Semple C G, Smith M, Furman B L
Department of Medicine, Victoria Infirmary, Glasgow, UK.
J Pharm Pharmacol. 1988 Jan;40(1):22-6. doi: 10.1111/j.2042-7158.1988.tb05143.x.
The organic calcium channel blocking drugs darodipine, nicardipine, diltiazem and verapamil inhibited glucose-induced (8.3 mmol L-1) insulin secretion by rat isolated islets in a concentration-dependent manner. The IC50 values (mumol L-1) for nicardipine, diltiazem and verapamil were 0.0025, 1.94 and 3.6, respectively. There were no significant differences between the potencies of any one drug when compared at two different glucose concentrations (27.8 and 8.3 mmol L-1). Isolated islets were also responsive to the calcium channel activating drugs BAY K 8644 and CGP 28392, which enhanced glucose-induced insulin secretion and prevented the inhibitory effect of verapamil. BAY K 8644 was more potent than CGP 28392. In the anaesthetized rat, neither verapamil (1 mg kg-1 i.v. 10 min before glucose) nor nicardipine (0.2 mg kg-1 i.v.) modified the glucose or insulin response to intravenous glucose whilst producing marked cardiovascular effects. The plasma concentrations of nicardipine (3.9 X 10(-8) M at 10 min post injection) were similar to those producing effects in-vitro whereas the plasma concentrations of verapamil (5 X 10(-7) M) were lower. It thus appears that the islet B cell calcium channel is less sensitive to calcium channel blocking drugs in-vivo than in-vitro. Moreover, in-vivo, the cardiovascular system is more sensitive to these drugs than are the islet B cells, although the potencies of the calcium channel blocking drug in isolated islets are similar to those reported for cardiac muscle and vascular smooth muscle in-vitro.

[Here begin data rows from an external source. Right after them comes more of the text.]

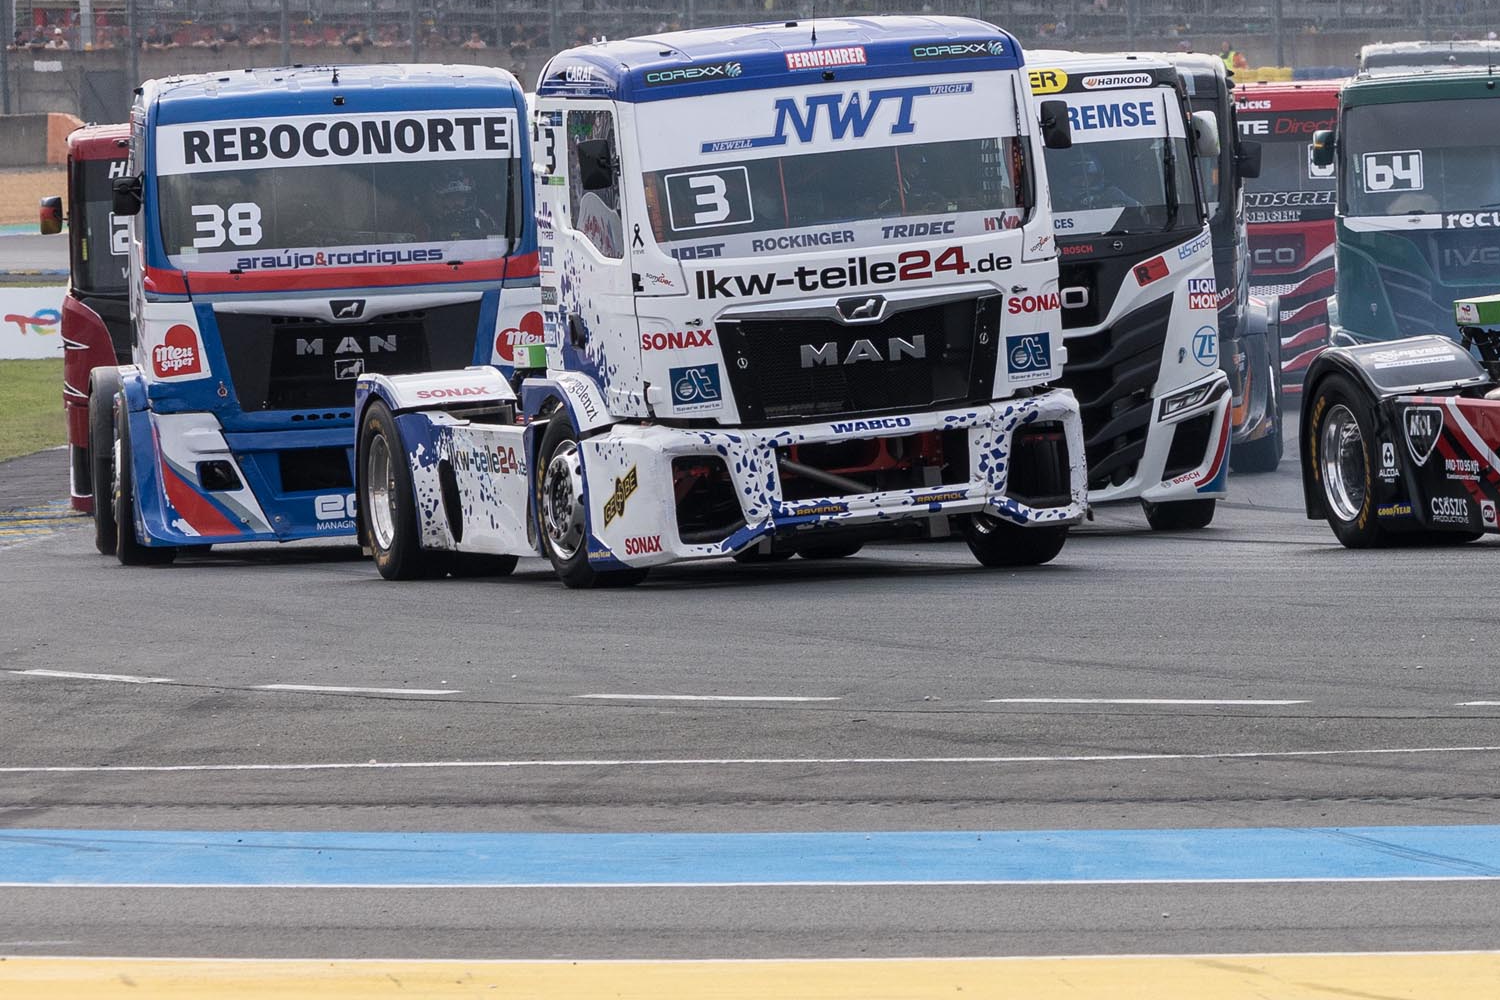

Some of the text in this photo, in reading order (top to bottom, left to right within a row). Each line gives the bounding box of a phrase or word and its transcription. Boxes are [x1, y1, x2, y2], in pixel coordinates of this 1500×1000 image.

[786, 47, 866, 69] FERNFAHRER
[914, 43, 987, 57] COREXX
[565, 66, 594, 82] CARAT
[647, 65, 724, 84] COREXX
[711, 139, 753, 151] NEWELL
[928, 83, 970, 95] WRIGHT
[183, 116, 509, 166] REBOCONORTE
[1366, 155, 1422, 191] 64
[689, 174, 731, 225] 3
[191, 202, 263, 249] 38
[881, 220, 956, 240] TRIDEC
[752, 230, 855, 252] ROCKINGER
[1062, 244, 1093, 255] BOSCH
[236, 248, 443, 270] araújo&rodrigues
[695, 245, 1012, 300] lkw-teile24.de
[296, 334, 397, 356] MAN
[642, 329, 714, 351] SONAX
[1197, 334, 1217, 358] ZF
[155, 344, 194, 363] Meu
[800, 334, 927, 369] MAN
[161, 355, 195, 372] super
[416, 386, 490, 400] SONAX
[831, 416, 912, 433] WABCO
[1173, 471, 1201, 485] BOSCH
[1378, 468, 1400, 478] ALCOA
[917, 492, 965, 504] RAVENOL
[796, 503, 845, 517] RAVENOL
[1378, 504, 1412, 517] GOODYEAR
[625, 535, 663, 556] SONAX
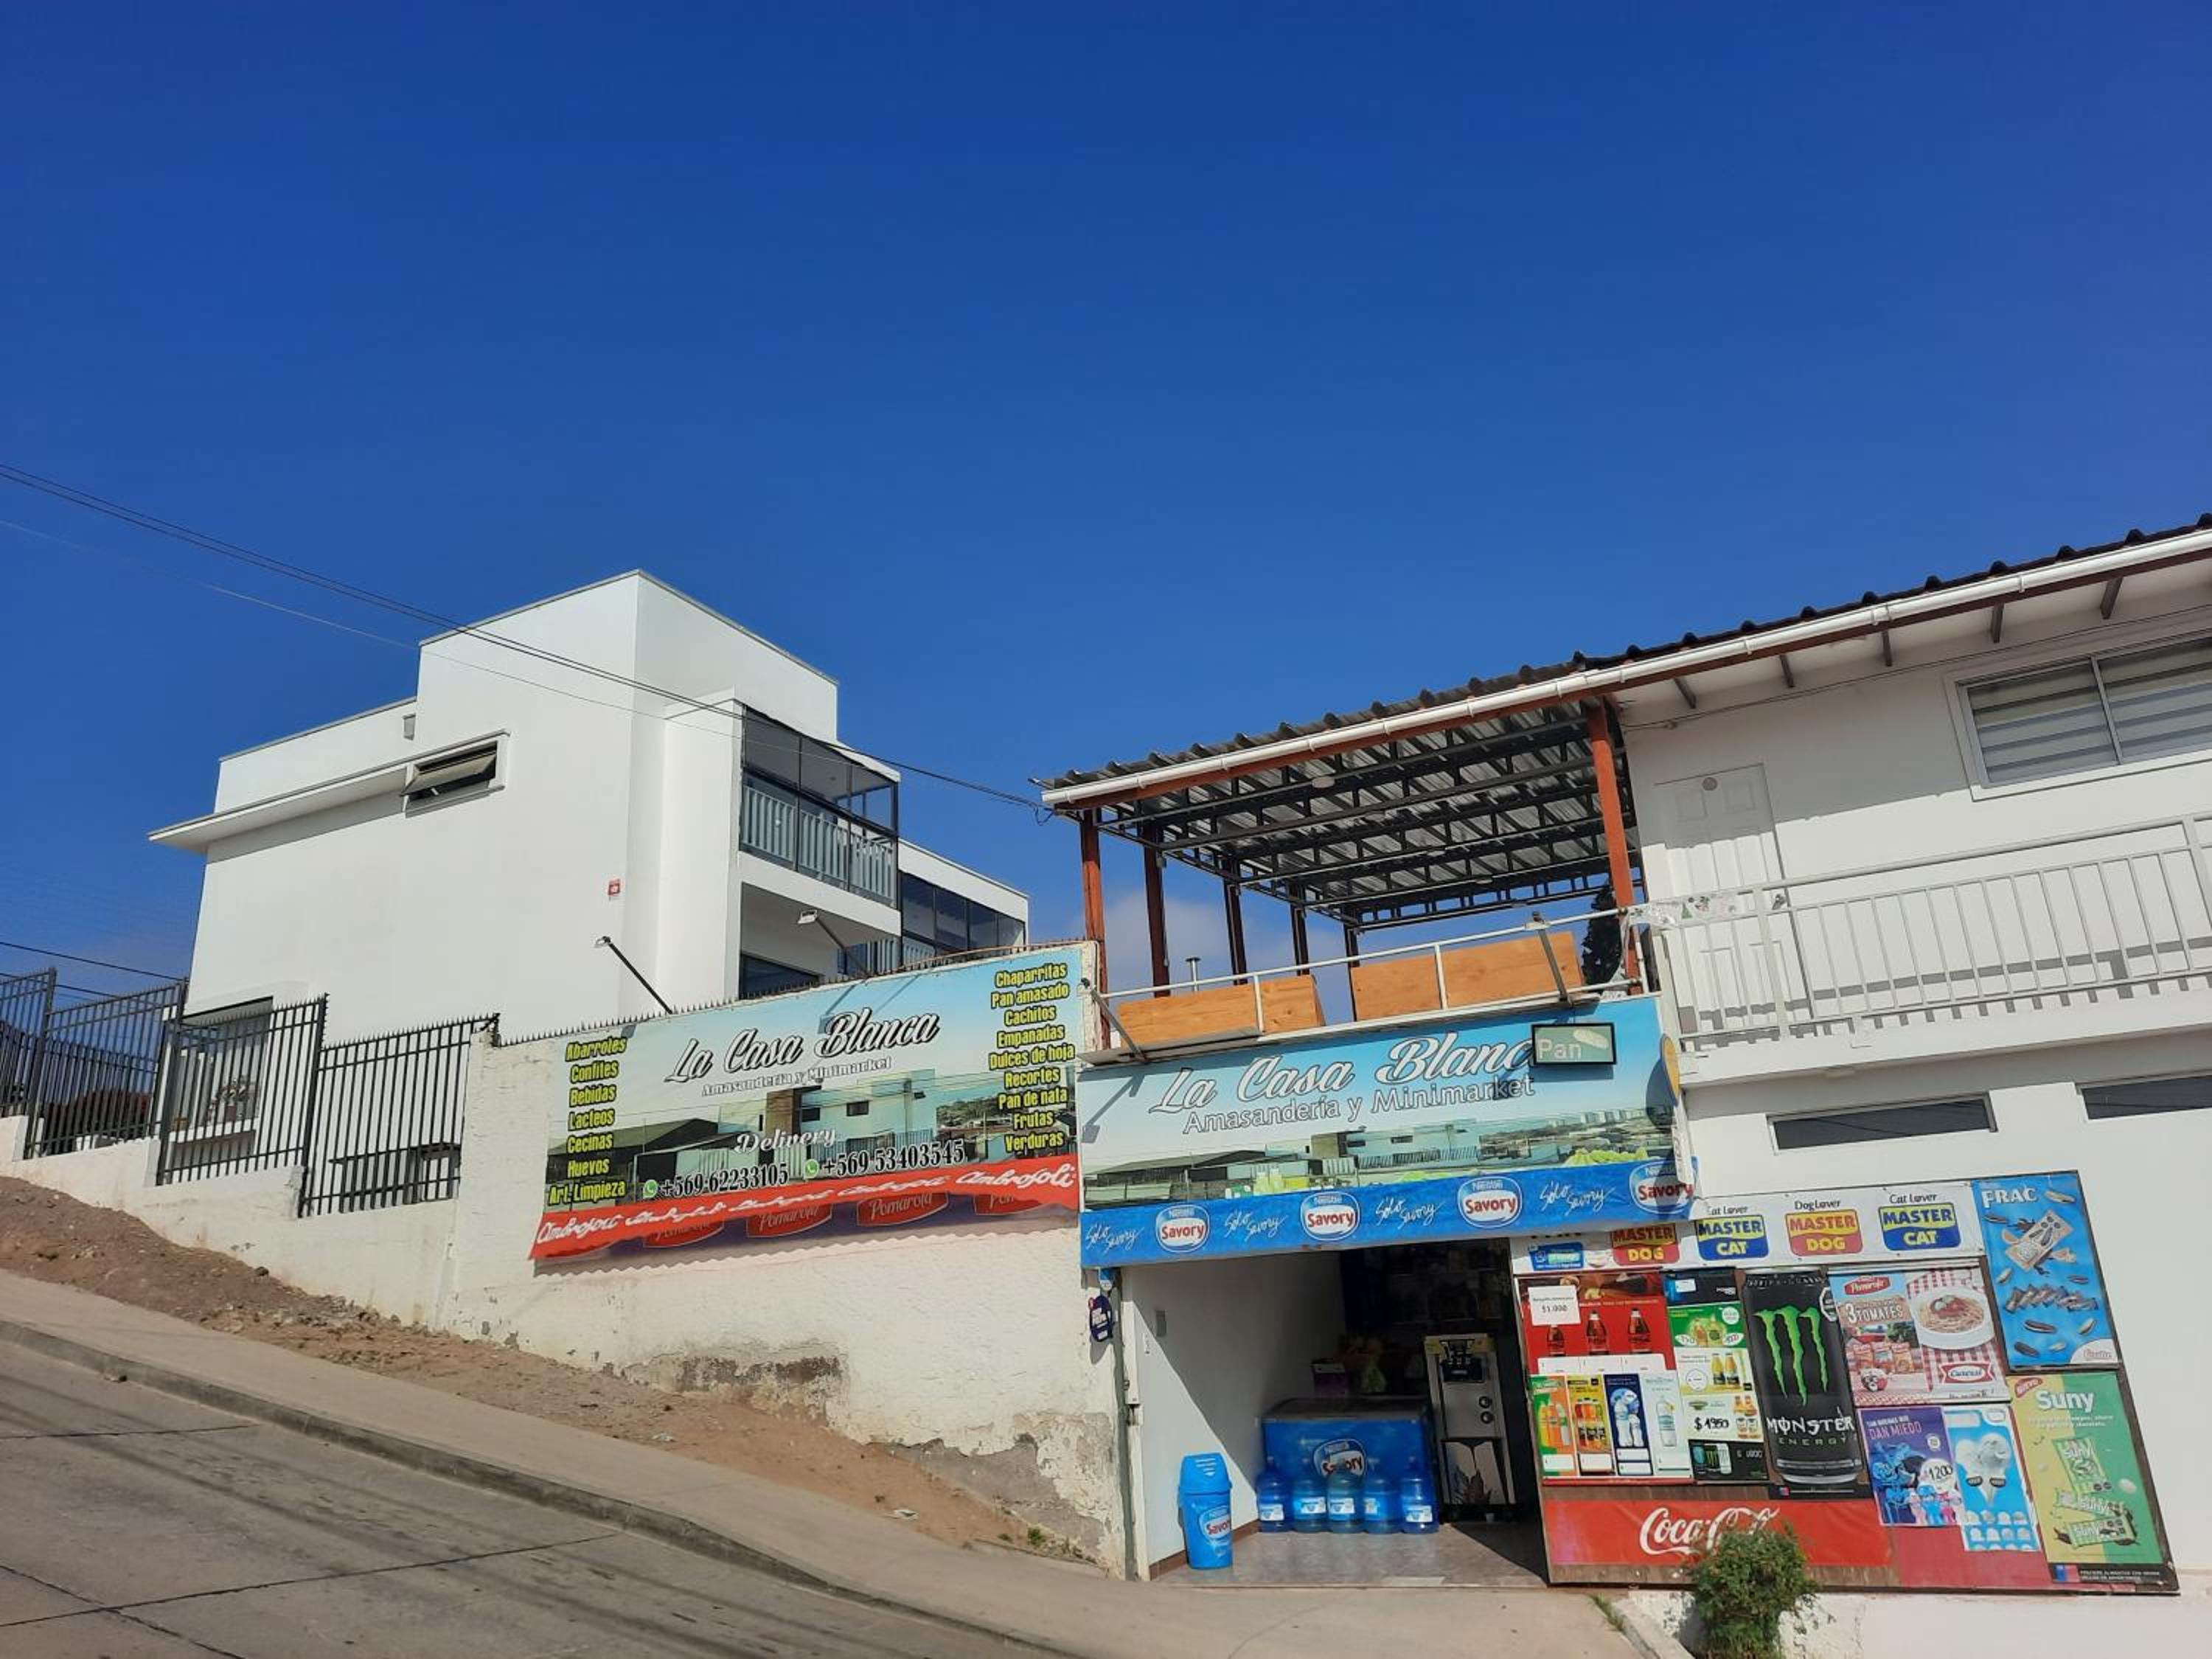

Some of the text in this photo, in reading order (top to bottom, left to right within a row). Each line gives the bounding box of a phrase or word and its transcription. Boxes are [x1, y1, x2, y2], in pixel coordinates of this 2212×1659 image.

[995, 963, 1068, 987] Chaparritas
[991, 981, 1070, 1009] Pan amasado
[1004, 1006, 1056, 1026] Cachitos
[664, 1007, 940, 1082] La Casa Blanca
[997, 1024, 1065, 1048] Empanadas
[565, 1037, 627, 1062] Abarrotes
[989, 1043, 1075, 1071] Dulces de hoja
[1538, 1039, 1582, 1060] Pan
[570, 1060, 619, 1084] Confites
[794, 1071, 805, 1087] y
[807, 1057, 891, 1081] Minimarket
[1004, 1066, 1060, 1090] Recortes
[1148, 1033, 1534, 1114] La Casa Blanc
[569, 1085, 616, 1107] Bebidas
[998, 1086, 1068, 1110] Pan de nata
[1183, 1074, 1535, 1135] Amasandería y Minimarket
[568, 1109, 615, 1131] Lacteos
[1013, 1110, 1054, 1130] Frutas
[567, 1133, 613, 1153] Cecinas
[732, 1127, 838, 1155] Delivery
[1004, 1132, 1064, 1152] Verduras
[568, 1158, 610, 1178] Huevos
[823, 1139, 966, 1177] +569 53403545
[708, 1162, 789, 1193] 62233105
[549, 1180, 626, 1206] Art. Limpieza
[1889, 1194, 1907, 1204] Cat
[1980, 1187, 2038, 1208] FRAC
[1465, 1198, 1516, 1214] Savory
[1883, 1207, 1953, 1225] MASTER
[1307, 1212, 1354, 1228] Savory
[1698, 1219, 1761, 1235] MASTER
[1790, 1217, 1856, 1232] MASTER
[1161, 1225, 1204, 1239] Savory
[1613, 1226, 1674, 1242] MASTER
[1902, 1230, 1938, 1245] CAT
[1628, 1248, 1664, 1261] DOG
[1716, 1240, 1747, 1256] CAT
[1806, 1237, 1846, 1251] DOG
[1846, 1303, 1903, 1324] 3 TOMATES
[2035, 1390, 2094, 1412] Suny
[1766, 1411, 1855, 1436] MONSTER
[1868, 1421, 1923, 1440] DAN MIEDO
[1778, 1437, 1846, 1446] ENERGY

有机钙通道阻滞剂药物达罗地平、尼卡地平、地尔硫䓬和维拉帕米以浓度依赖性方式抑制大鼠离体胰岛由葡萄糖诱导的(8.3 mmol/L)胰岛素分泌。尼卡地平、地尔硫䓬和维拉帕米的IC50值(μmol/L)分别为0.0025、1.94和3.6。在两种不同葡萄糖浓度(27.8和8.3 mmol/L)下比较时,任何一种药物的效力之间均无显著差异。离体胰岛对钙通道激活药物BAY K 8644和CGP 28392也有反应,这两种药物增强了葡萄糖诱导的胰岛素分泌,并阻止了维拉帕米的抑制作用。BAY K 8644比CGP 28392更有效。在麻醉大鼠中,维拉帕米(葡萄糖注射前10分钟静脉注射1 mg/kg)和尼卡地平(静脉注射0.2 mg/kg)均未改变静脉注射葡萄糖时的血糖或胰岛素反应,同时却产生了明显的心血管效应。尼卡地平的血浆浓度(注射后10分钟时为3.9×10⁻⁸ M)与在体外产生效应时的浓度相似,而维拉帕米的血浆浓度(5×10⁻⁷ M)则较低。因此,胰岛B细胞钙通道在体内似乎比在体外对钙通道阻滞剂药物更不敏感。此外,在体内,心血管系统对这些药物比胰岛B细胞更敏感,尽管钙通道阻滞剂药物在离体胰岛中的效力与体外报道的心肌和血管平滑肌的效力相似。